I don't usually make a point of linking to music, but the search for Crump's cover led me to his Bandcamp page. Note that to start with the first cut, you have to scroll down to the song listing and pick it from there. More records there, including some early ones I should check out, but I don't see my favorite one, 2010's Reclamation. I reviewed this from CD, but Bandcamp is one of the best things that's happened for someone who wants to review a broad swathe of records like I do. Also, I think, good for customers, who among other things get to sanity check reviewers like me.
While I'm at it, here's a YouTube link for the song of the week, Dawn Oberg's "Republican Jesus", from her short 2015 LP Bring. Probably the most pointed political song since Todd Snider's "Conservative Christian, Right Wing, Republican, Straight White White American Male" -- actually more pointed since the analysis is deeper and more detailed, but the subject is pretty much the same.
A couple things I could use some feedback on:
Does Spotify (or any other non-Apple streaming source) have much that Rhapsody/Napster doesn't? I ran into this question because there's at least one Lori McKenna album I couldn't find on Rhapsody or Bandcamp that seems to be on Spotify.
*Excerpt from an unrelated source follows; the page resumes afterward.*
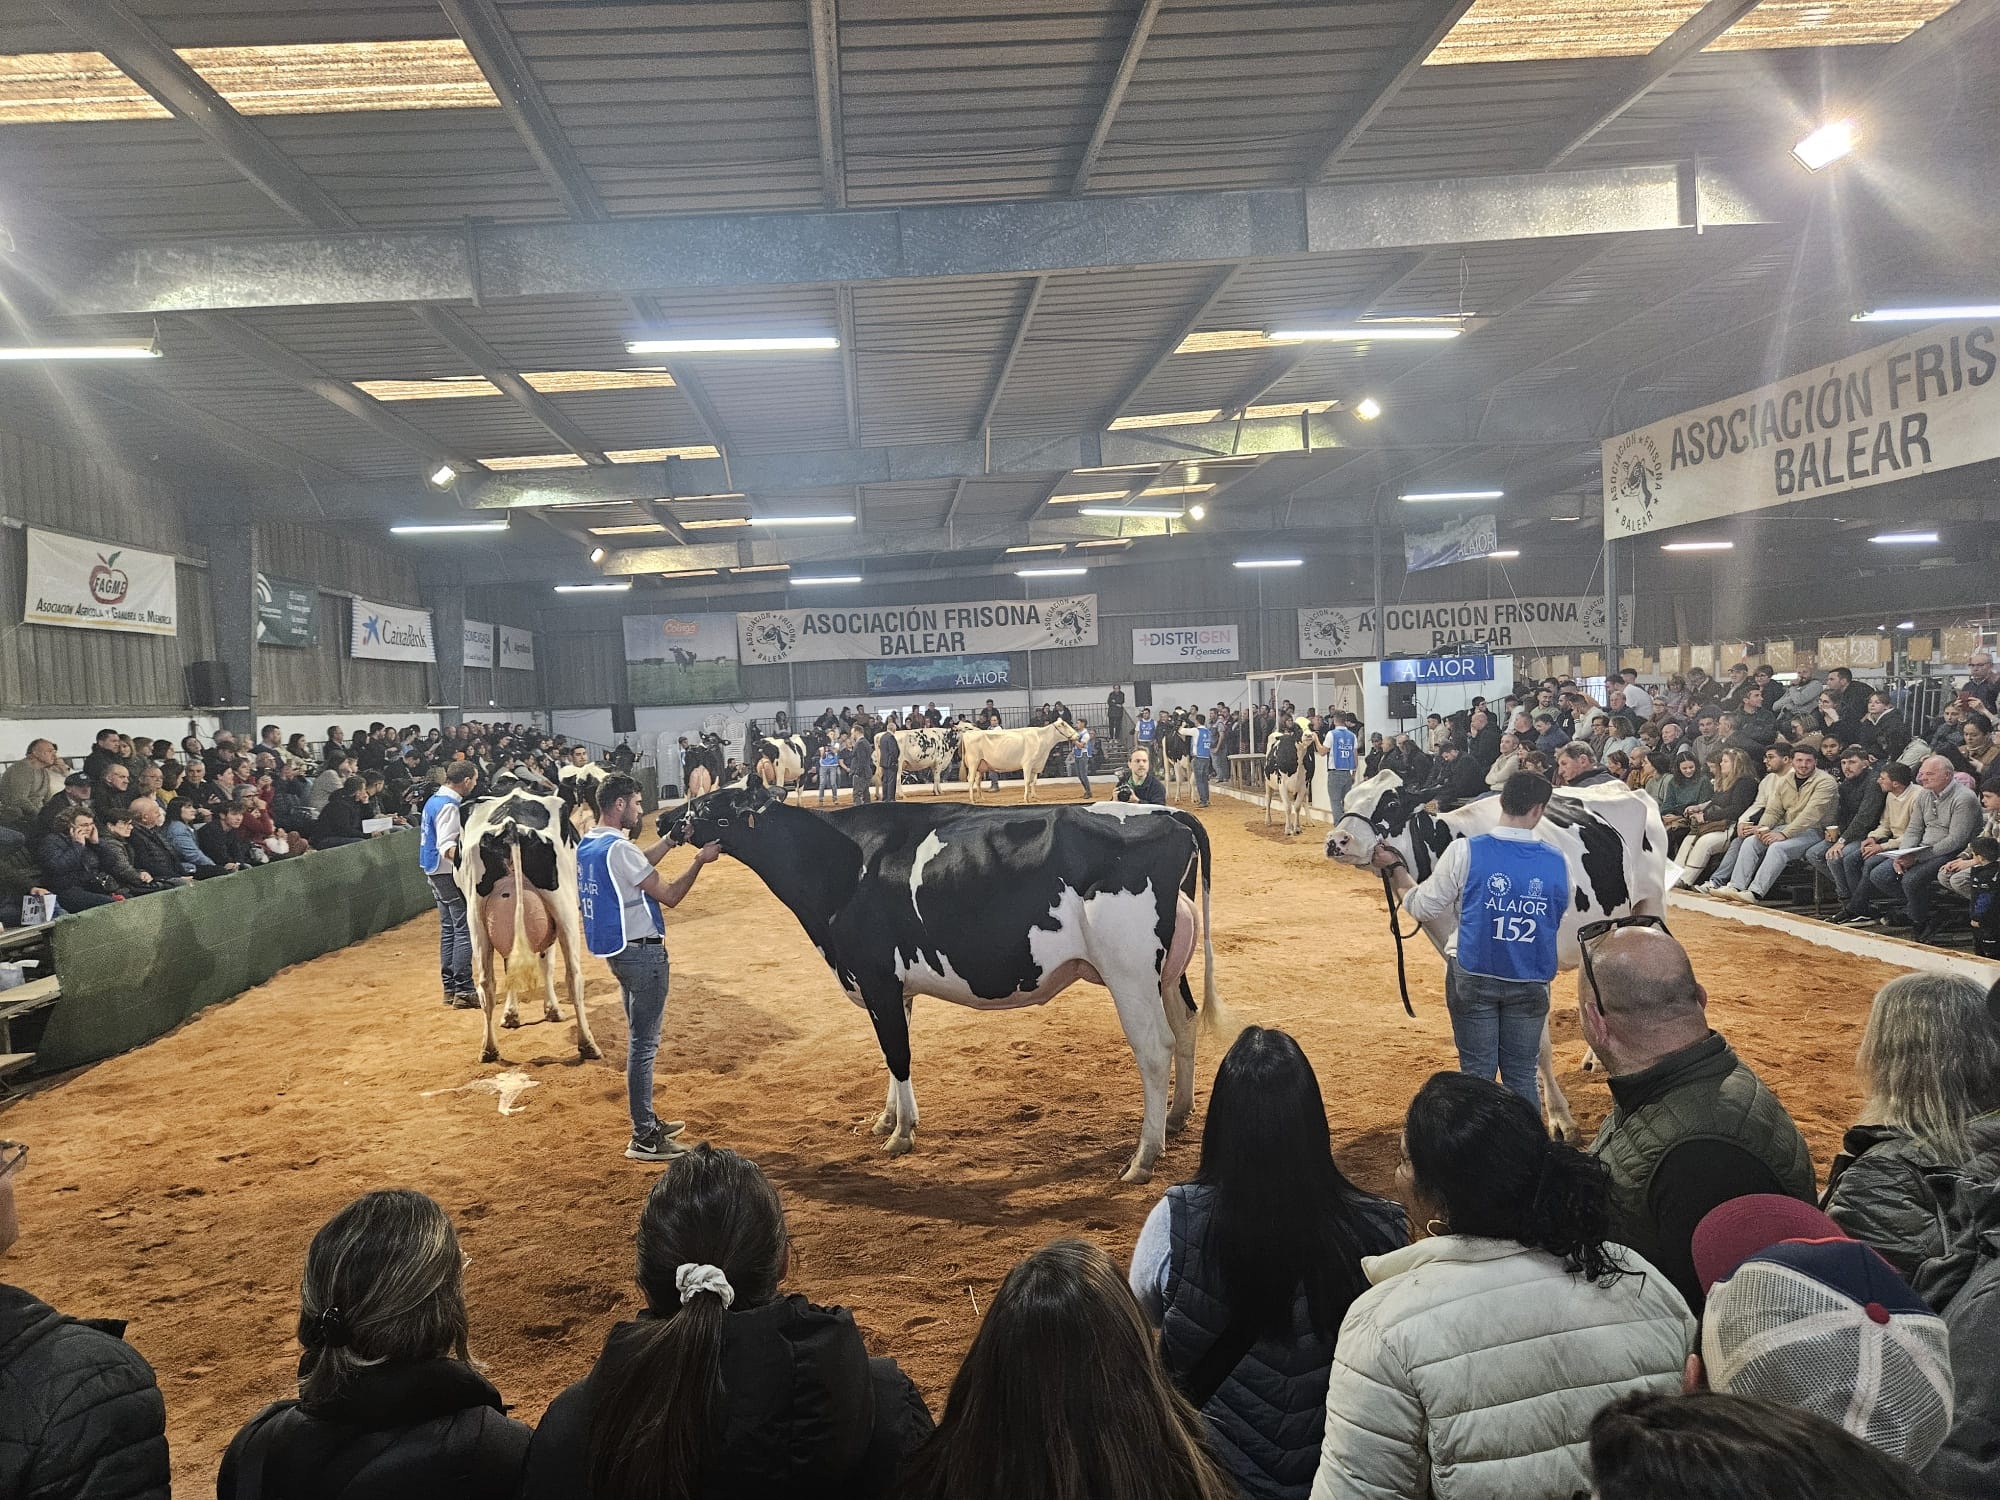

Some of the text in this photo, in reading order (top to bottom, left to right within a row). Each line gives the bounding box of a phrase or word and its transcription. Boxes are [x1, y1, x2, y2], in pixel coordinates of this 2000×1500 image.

I tried Spotify's "free" service back when it came out (at least in the US) and managed to write up a couple albums based on it, but generally hated everything about it (the ads, of course, but also the search and the general greediness of the application).
Are there any MP3 players which can be managed from Linux more or less as seemlessly as iPods under iTunes on Windows (or presumably Macs, something I refuse to even consider)? I have an iPod Nano which I haven't used since my last Windows computer bit the dust (fittingly, during one of those "automatic software updates"). Someone mentioned Sansa Clip to me: from what I gather you can mount it and poke files into it, but not much more. Searching this question gives me a lot of Linux applications like Amarok, XMMS, and RhythmBox -- something else I should learn more about, but not what I'm asking.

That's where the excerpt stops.